→ **EXERCISE GOAL**
Nothing in the data may change. Copy all of it exactly.
RECORDS SUPPLIED section start
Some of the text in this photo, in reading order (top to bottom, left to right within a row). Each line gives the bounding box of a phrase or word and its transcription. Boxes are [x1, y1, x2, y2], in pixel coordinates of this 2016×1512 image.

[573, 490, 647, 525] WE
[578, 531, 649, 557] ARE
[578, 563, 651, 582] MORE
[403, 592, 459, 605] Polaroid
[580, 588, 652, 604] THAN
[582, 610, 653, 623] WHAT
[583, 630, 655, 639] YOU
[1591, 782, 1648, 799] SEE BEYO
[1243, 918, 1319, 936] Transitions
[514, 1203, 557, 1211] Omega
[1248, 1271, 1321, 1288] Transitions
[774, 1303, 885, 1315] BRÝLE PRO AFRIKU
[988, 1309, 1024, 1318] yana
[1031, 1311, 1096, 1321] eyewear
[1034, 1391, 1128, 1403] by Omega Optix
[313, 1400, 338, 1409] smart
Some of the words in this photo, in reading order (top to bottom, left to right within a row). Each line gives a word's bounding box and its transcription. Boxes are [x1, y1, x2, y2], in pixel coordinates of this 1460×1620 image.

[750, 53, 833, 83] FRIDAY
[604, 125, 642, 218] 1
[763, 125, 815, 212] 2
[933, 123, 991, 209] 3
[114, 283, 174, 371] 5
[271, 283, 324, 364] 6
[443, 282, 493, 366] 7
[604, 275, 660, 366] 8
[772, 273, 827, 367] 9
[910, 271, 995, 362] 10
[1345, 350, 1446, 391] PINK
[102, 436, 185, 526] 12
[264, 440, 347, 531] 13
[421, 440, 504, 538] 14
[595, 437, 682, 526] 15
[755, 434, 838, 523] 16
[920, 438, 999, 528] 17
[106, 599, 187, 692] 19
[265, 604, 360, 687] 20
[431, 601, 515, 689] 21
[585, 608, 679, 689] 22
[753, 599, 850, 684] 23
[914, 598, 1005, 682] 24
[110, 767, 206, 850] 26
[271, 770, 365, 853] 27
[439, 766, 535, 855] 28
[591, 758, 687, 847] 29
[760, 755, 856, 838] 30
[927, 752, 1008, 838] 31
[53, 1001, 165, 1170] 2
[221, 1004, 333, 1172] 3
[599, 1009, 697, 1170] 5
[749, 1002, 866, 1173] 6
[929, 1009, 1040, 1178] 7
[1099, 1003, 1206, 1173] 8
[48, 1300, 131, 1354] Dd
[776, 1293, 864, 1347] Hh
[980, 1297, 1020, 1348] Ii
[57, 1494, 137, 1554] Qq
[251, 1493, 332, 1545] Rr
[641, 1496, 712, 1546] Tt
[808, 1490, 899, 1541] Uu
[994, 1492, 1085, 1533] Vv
RECORDS SUPPLIED section end
→ **SOLUTION BELOW**
Some of the text in this photo, in reading order (top to bottom, left to right within a row). Each line gives the bounding box of a phrase or word and its transcription. Boxes are [x1, y1, x2, y2], in pixel coordinates of this 2016×1512 image.

[573, 490, 647, 525] WE
[578, 531, 649, 557] ARE
[578, 563, 651, 582] MORE
[403, 592, 459, 605] Polaroid
[580, 588, 652, 604] THAN
[582, 610, 653, 623] WHAT
[583, 630, 655, 639] YOU
[1591, 782, 1648, 799] SEE BEYO
[1243, 918, 1319, 936] Transitions
[514, 1203, 557, 1211] Omega
[1248, 1271, 1321, 1288] Transitions
[774, 1303, 885, 1315] BRÝLE PRO AFRIKU
[988, 1309, 1024, 1318] yana
[1031, 1311, 1096, 1321] eyewear
[1034, 1391, 1128, 1403] by Omega Optix
[313, 1400, 338, 1409] smart
Some of the words in this photo, in reading order (top to bottom, left to right within a row). Each line gives a word's bounding box and its transcription. Boxes are [x1, y1, x2, y2], in pixel coordinates of this 1460×1620 image.

[750, 53, 833, 83] FRIDAY
[604, 125, 642, 218] 1
[763, 125, 815, 212] 2
[933, 123, 991, 209] 3
[114, 283, 174, 371] 5
[271, 283, 324, 364] 6
[443, 282, 493, 366] 7
[604, 275, 660, 366] 8
[772, 273, 827, 367] 9
[910, 271, 995, 362] 10
[1345, 350, 1446, 391] PINK
[102, 436, 185, 526] 12
[264, 440, 347, 531] 13
[421, 440, 504, 538] 14
[595, 437, 682, 526] 15
[755, 434, 838, 523] 16
[920, 438, 999, 528] 17
[106, 599, 187, 692] 19
[265, 604, 360, 687] 20
[431, 601, 515, 689] 21
[585, 608, 679, 689] 22
[753, 599, 850, 684] 23
[914, 598, 1005, 682] 24
[110, 767, 206, 850] 26
[271, 770, 365, 853] 27
[439, 766, 535, 855] 28
[591, 758, 687, 847] 29
[760, 755, 856, 838] 30
[927, 752, 1008, 838] 31
[53, 1001, 165, 1170] 2
[221, 1004, 333, 1172] 3
[599, 1009, 697, 1170] 5
[749, 1002, 866, 1173] 6
[929, 1009, 1040, 1178] 7
[1099, 1003, 1206, 1173] 8
[48, 1300, 131, 1354] Dd
[776, 1293, 864, 1347] Hh
[980, 1297, 1020, 1348] Ii
[57, 1494, 137, 1554] Qq
[251, 1493, 332, 1545] Rr
[641, 1496, 712, 1546] Tt
[808, 1490, 899, 1541] Uu
[994, 1492, 1085, 1533] Vv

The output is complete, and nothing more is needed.